Recent advances in blood-based biomarkers, such as plasma phosphorylated tau (31), show strong potential for accurate and accessible detection of AD pathology (32, 33). These innovations may bridge the gap between guideline recommendations and real-world practice by offering scalable diagnostic tools suitable for both resource-limited and specialized settings. As such assays and AI-assisted imaging become more widely available, clinician preferences may shift toward biomarker-based approaches, leading to greater convergence with international frameworks (34).
This study underscores that AD diagnosis extends beyond tests and imaging. Both neurologists and psychiatrists emphasized the critical role of detailed medical history and clinical examination. Key considerations include the trajectory of cognitive decline, comorbid conditions (e.g., vascular risk factors, Parkinson’s disease, prior head trauma), medication use, and family history.
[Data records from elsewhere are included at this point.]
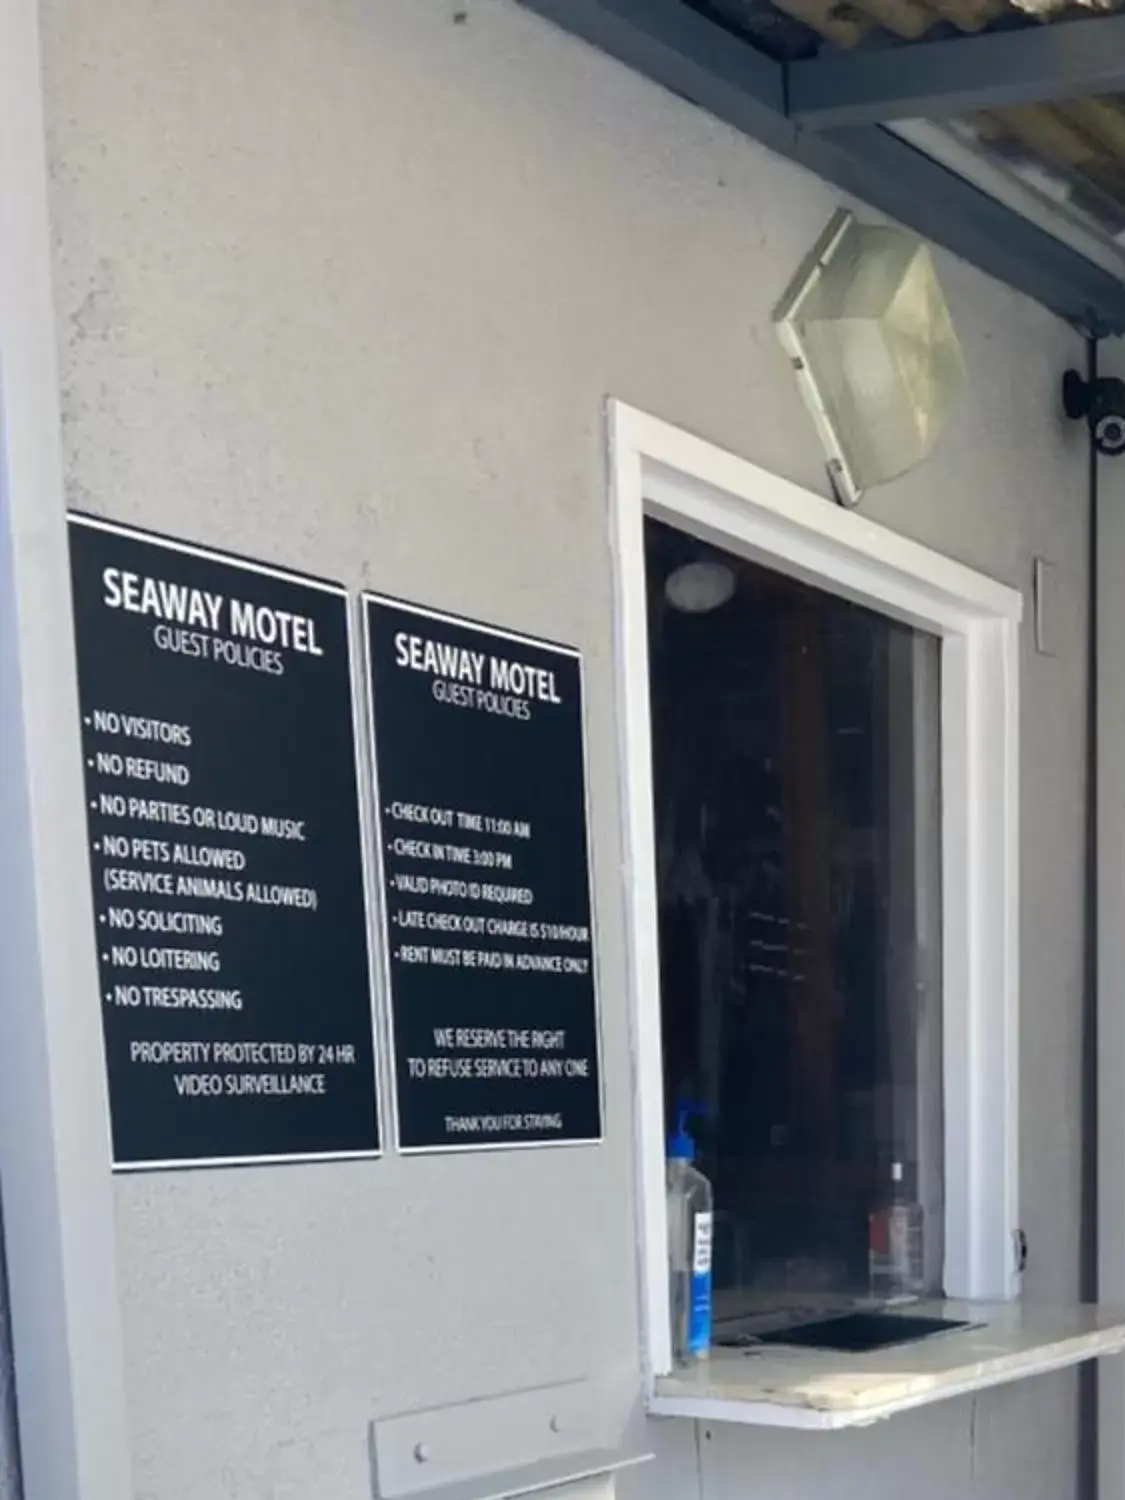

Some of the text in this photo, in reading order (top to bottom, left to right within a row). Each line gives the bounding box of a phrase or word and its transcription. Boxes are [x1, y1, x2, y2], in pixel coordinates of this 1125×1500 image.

[103, 567, 323, 655] SEAWAY MOTEL
[154, 624, 284, 675] GUEST POLICIES
[395, 633, 561, 703] SEAWAY MOTEL
[432, 680, 531, 720] GUEST POLICIES
[94, 710, 192, 746] NO VISITORS
[98, 753, 189, 785] NO REFUND
[100, 794, 305, 840] NO PARTIES OR LOUD MUSIC
[391, 802, 429, 823] CHECK
[430, 808, 453, 827] OUT
[457, 812, 483, 831] TIME
[514, 821, 530, 839] AM
[103, 836, 245, 871] NO PETS ALLOWED
[394, 839, 431, 858] CHECK
[432, 844, 445, 860] IN
[446, 846, 471, 863] TIME
[496, 853, 512, 869] PM
[104, 868, 317, 911] (SERVICE ANIMALS ALLOWED)
[395, 874, 429, 893] VALID
[430, 877, 467, 898] PHOTO
[482, 884, 533, 905] REQUIRED
[109, 908, 222, 936] NO SOLICITING
[398, 910, 425, 927] LATE
[427, 913, 462, 932] CHECK
[463, 916, 485, 934] OUT
[112, 947, 220, 971] NO LOITERING
[401, 945, 589, 974] RENT MUST BE PAID IN ADVANCE ONLY
[115, 985, 243, 1010] NO TRESPASSING
[130, 1041, 355, 1064] PROPERTY PROTECTED BY 24 HR
[433, 1028, 565, 1049] WE RESERVE THE RIGHT
[407, 1058, 589, 1078] TO REFUSE SERVICE TO ANY ONE
[174, 1073, 326, 1096] VIDEO SURVEILLANCE
[444, 1113, 562, 1132] THANK YOU FOR STAYING
Documenting hereditary risk is particularly important, as rare genetic variants contribute to familial forms of AD. This holistic, patient-centered approach complements diagnostic tools and ensures that individualized care strategies are informed by both biological and contextual factors.
5.1. Conclusions
This study identified the most highly prioritized diagnostic steps for AD and mild cognitive impairment based on input from a multidisciplinary panel of experts. Cognitive screening and basic laboratory tests emerged as the top first-line approaches, underscoring the central role of practical, cost-effective, and widely accessible strategies — particularly in healthcare settings where advanced biomarker testing is not routinely available. These findings provide a clear framework for clinicians working in resource-limited environments and emphasize the value of multidisciplinary consensus in shaping diagnostic pathways. As emerging tools such as blood-based biomarkers and advanced imaging techniques become more accessible, future research should focus on integrating these modalities into structured, stepwise diagnostic protocols to enhance early detection, diagnostic accuracy, and patient care.
5.2. Strengths
This study is among the few to systematically prioritize diagnostic steps for AD and mild cognitive impairment using a structured expert consensus approach within a regional context. The multidisciplinary panel — comprising neurologists, psychiatrists, geriatricians, and neuropsychologists — enhanced the diversity of perspectives. The findings offer pragmatic, resource-sensitive recommendations that reflect real-world clinical constraints, particularly in settings with limited access to advanced biomarker testing.
5.3. Limitations
Several limitations should be acknowledged. The cross-sectional, single-round design lacked iterative feedback, reducing opportunities for participants to refine their responses and limiting comparability with traditional multi-round Delphi studies. No formal consensus measures (e.g., Kendall’s W, percentage agreement) were applied, restricting the ability to quantify agreement. The expert panel was drawn from a specific professional and geographic network, which may affect generalizability. Finally, the design captures expert opinion at a single time point, and results should be interpreted as indicative rather than definitive diagnostic guidelines. Future studies should adopt multi-round consensus methods and include formal agreement metrics to strengthen methodological rigor and reproducibility.